Elliot Rodger blamed women quite explicitly for the killing spree he went on over the weekend, arguing that by not having sex with him, they pushed him to take revenge. Today, the New York Post does the same with "KILLER CRUSH" blaring across its front page, over a picture of a cute young blond woman chewing her fingernail. "Childhood snub set me off, madman seethed," the sub-headline helpfully adds. The story inside has more pictures of the young woman, who had the misfortune of being named directly in Rodger's self-pitying manifesto about the lack of hot young naked females appearing in his bedroom.
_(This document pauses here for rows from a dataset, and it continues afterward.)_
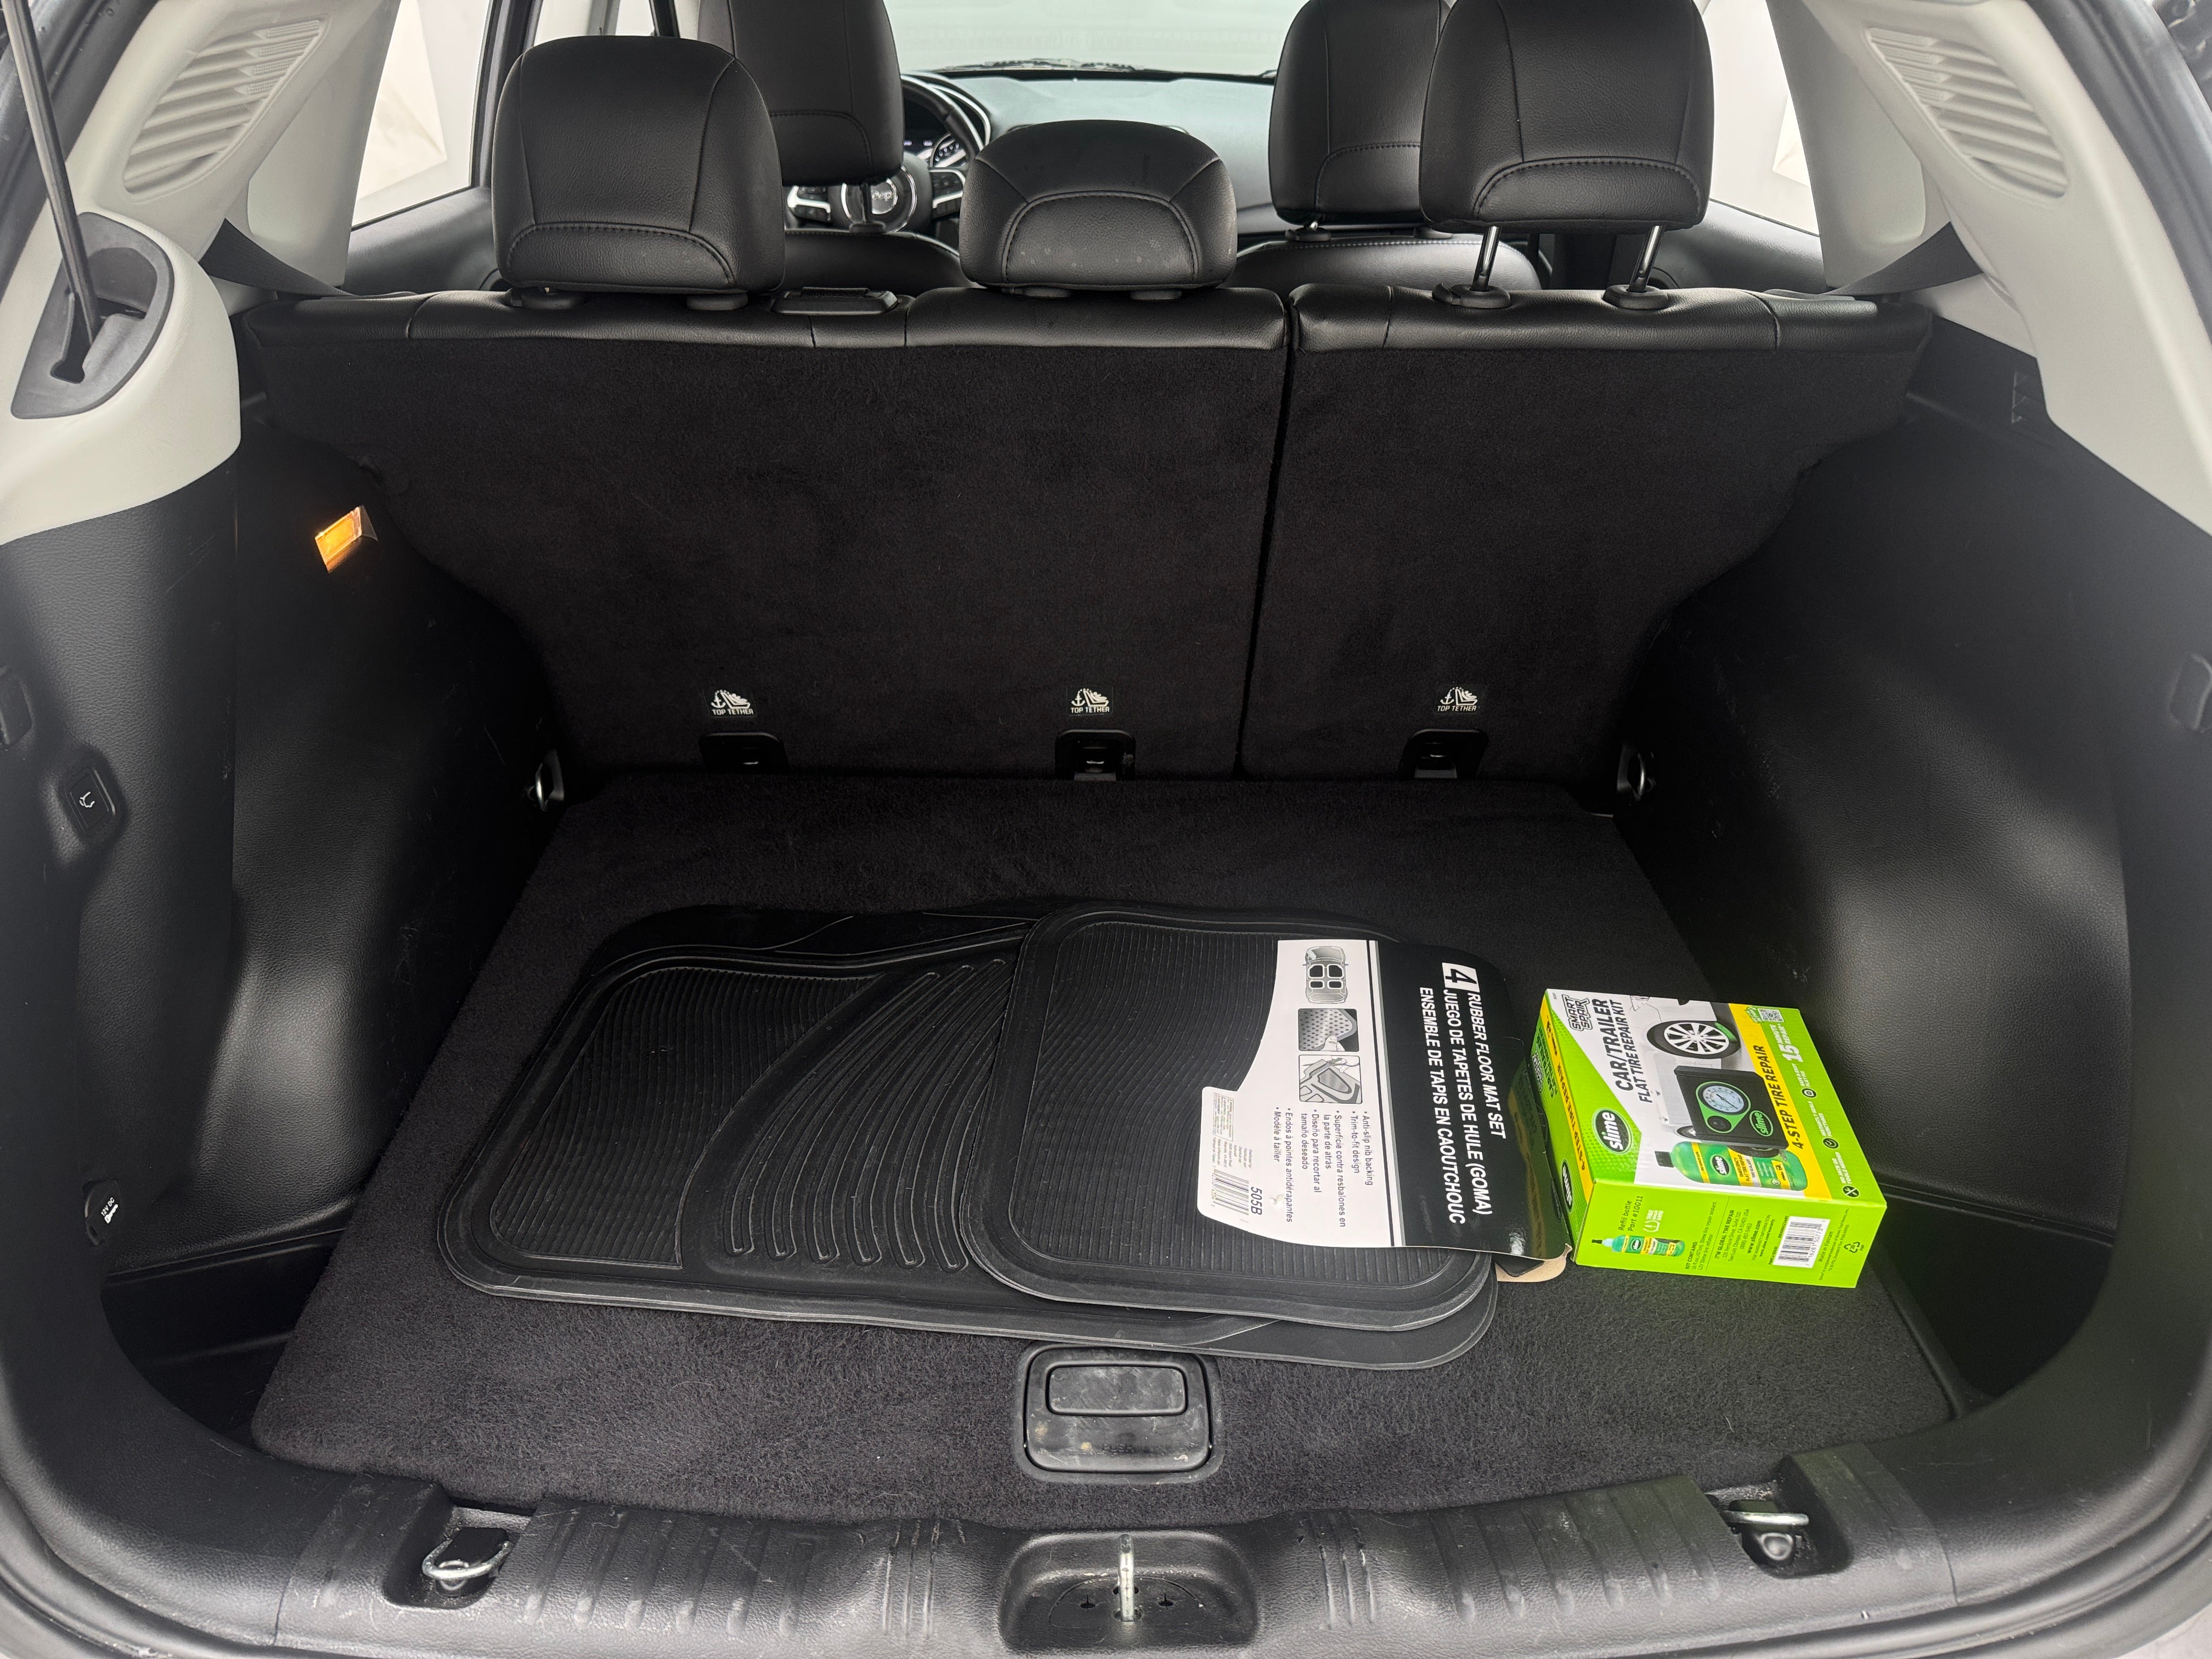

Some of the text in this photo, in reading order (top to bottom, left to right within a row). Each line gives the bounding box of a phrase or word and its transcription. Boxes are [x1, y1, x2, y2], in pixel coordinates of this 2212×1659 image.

[1443, 968, 1477, 985] 4
[1564, 996, 1582, 1029] SMART
[1574, 1000, 1594, 1029] SPAIR
[1590, 998, 1636, 1091] CAR/TRAILER
[1769, 1024, 1784, 1044] MINUTE
[1609, 999, 1653, 1103] FLAT TIRE REPAIR KIT
[1777, 1043, 1804, 1062] 15
[1466, 992, 1506, 1138] RUBBER FLOOR MAT SET
[1536, 1032, 1554, 1100] CAR/TRAILER
[1419, 987, 1465, 1224] ENSEMBLE DE TAPIS EN CAOUTCHOUC
[1443, 989, 1492, 1215] JUEGO DE TAPETES DE HULE (GOMA)
[1752, 1045, 1805, 1149] 4-STEP TIRE REPAIR
[1311, 1114, 1319, 1137] Diseño
[1556, 1059, 1585, 1175] 4-STEP TIRE REPAIR
[1752, 1111, 1769, 1135] slime
[1322, 1122, 1331, 1139] parte
[1333, 1115, 1343, 1149] Superficie
[1601, 1111, 1624, 1150] slime
[1284, 1141, 1293, 1166] pointes
[1301, 1139, 1310, 1169] deseado
[1310, 1138, 1319, 1153] para
[1324, 1141, 1331, 1149] de
[1350, 1115, 1361, 1173] Trim-to-fit design
[1361, 1115, 1374, 1186] Anti-slip nib backing
[1713, 1156, 1726, 1175] slime
[1841, 1169, 1853, 1184] TOOLS
[1284, 1168, 1294, 1222] antidérapantes
[1337, 1175, 1346, 1215] resbalones
[1561, 1163, 1573, 1206] slime
[101, 1205, 109, 1216] 12V
[1250, 1187, 1262, 1215] 505B
[1621, 1200, 1632, 1216] bottle
[1626, 1195, 1644, 1231] Part #10011
[1339, 1217, 1346, 1227] en
[1617, 1216, 1628, 1231] Refill
[1645, 1209, 1654, 1220] TIRE
[1725, 1209, 1735, 1224] REPAIR
[1722, 1224, 1730, 1233] TIRE
[1745, 1220, 1762, 1254] www.slime.com
[1813, 1228, 1824, 1242] 50773
[1686, 1240, 1698, 1262] CONTAINS:
[1717, 1234, 1727, 1250] GLOBAL
[1817, 1251, 1826, 1262] Made
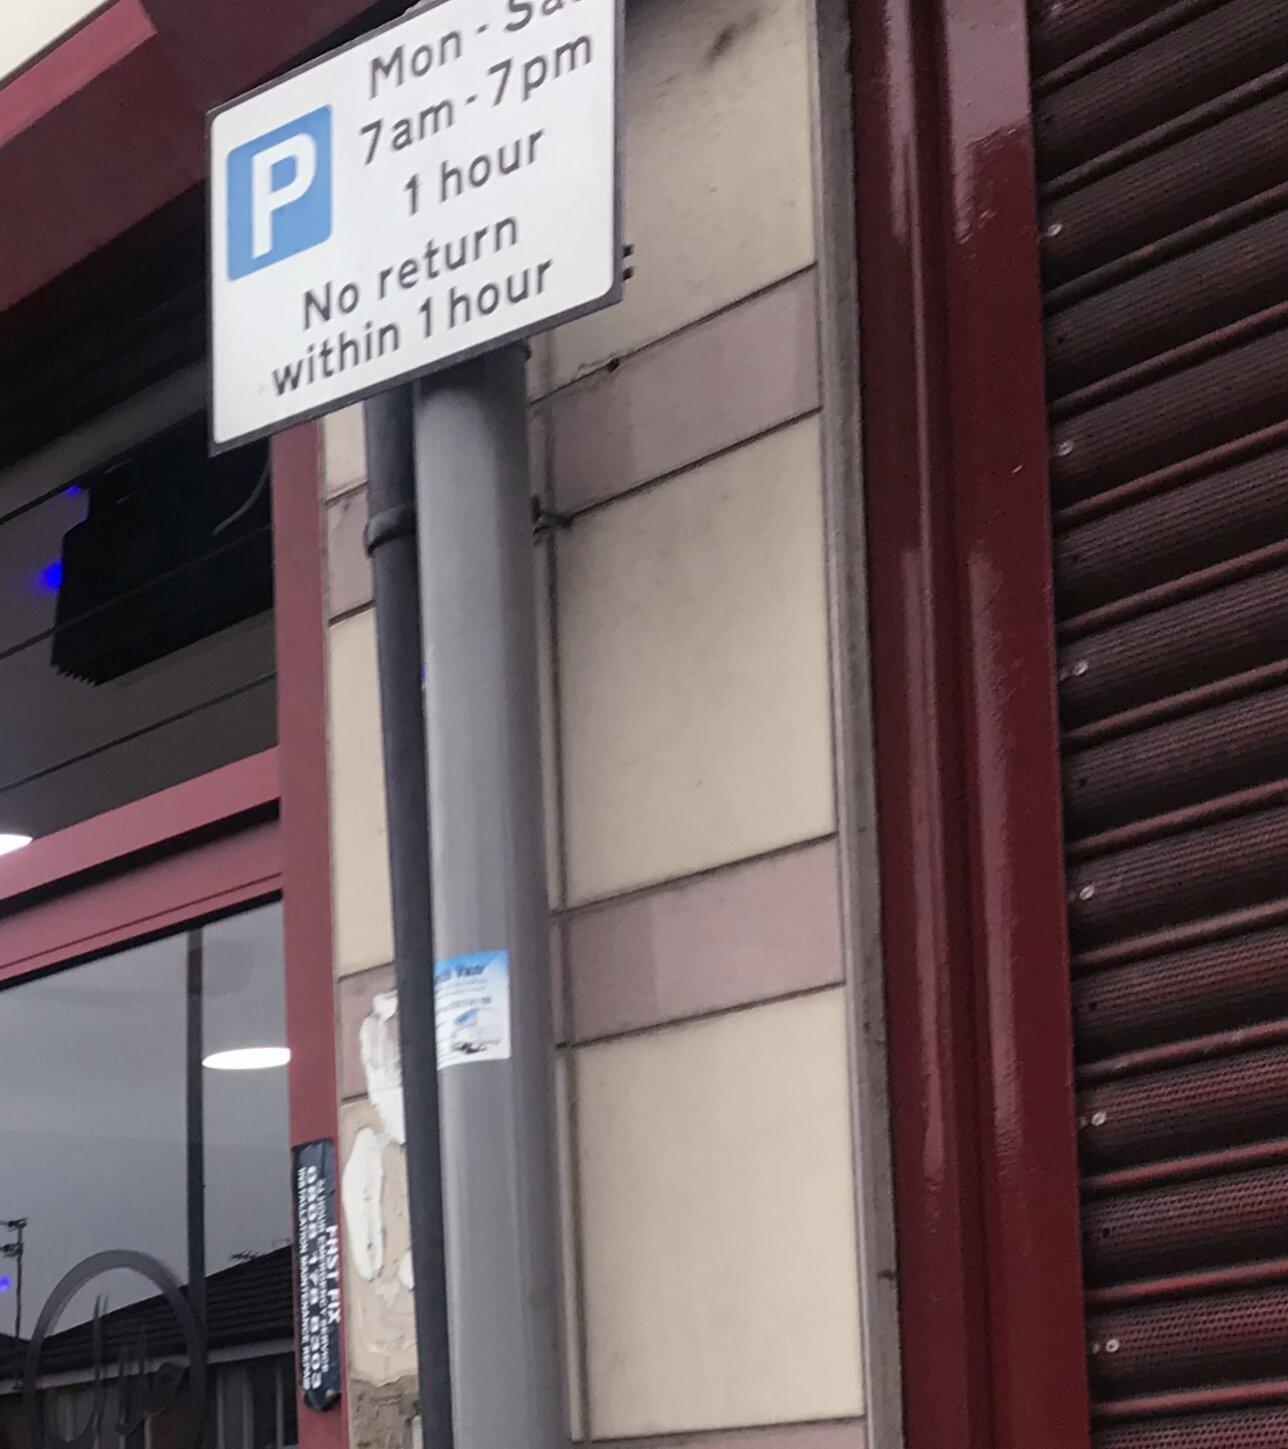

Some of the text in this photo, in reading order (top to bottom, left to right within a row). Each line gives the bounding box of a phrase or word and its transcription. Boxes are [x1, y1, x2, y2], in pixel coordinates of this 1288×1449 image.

[370, 26, 462, 101] Mon
[504, 0, 581, 32] Sa
[359, 96, 456, 167] 7am
[487, 34, 593, 108] 7pm
[251, 132, 317, 260] P
[404, 128, 545, 217] 1 hour
[303, 215, 519, 332] No return
[271, 258, 554, 397] within 1 hour
[317, 1195, 327, 1233] HOUR
[300, 1256, 311, 1345] MAINTENANCE
[318, 1235, 328, 1316] EMERGENCY
[326, 1287, 341, 1325] FIX
[319, 1318, 330, 1374] SERVICE
While the woman's father is given plenty of space to speak common sense about how stupid it is to blame his daughter, saying, "He had a secret crush on her, but she was completely unaware of him," the story and its imagery, including a picture of the young woman in a bikini, are drenched in the ugly insinuation that by being sexy and unavailable, she somehow impelled Rodger's violence. Lines like, "The aspiring model whose childhood rejection of Elliot Rodger lit the fuse that turned him into a murderous madman barely remembers him, her dad told The Post on Monday," are a disgrace. How, exactly, does not paying attention to someone light "a fuse"? Are women obliged to flatter, cajole, and even have sex with men they find repulsive in order to prevent lighting this fuse?
Rodger's problem (or one of them) was that he believed he was entitled to women simply because he wanted them. The Post cover and accusatory language reinforce this kind of entitlement, suggesting that women are somehow responsible for men's actions if they don't give them what they want. Refocusing this horrible story on an attractive young blonde may move newspapers, but it certainly doesn't get us any closer to understanding the crime.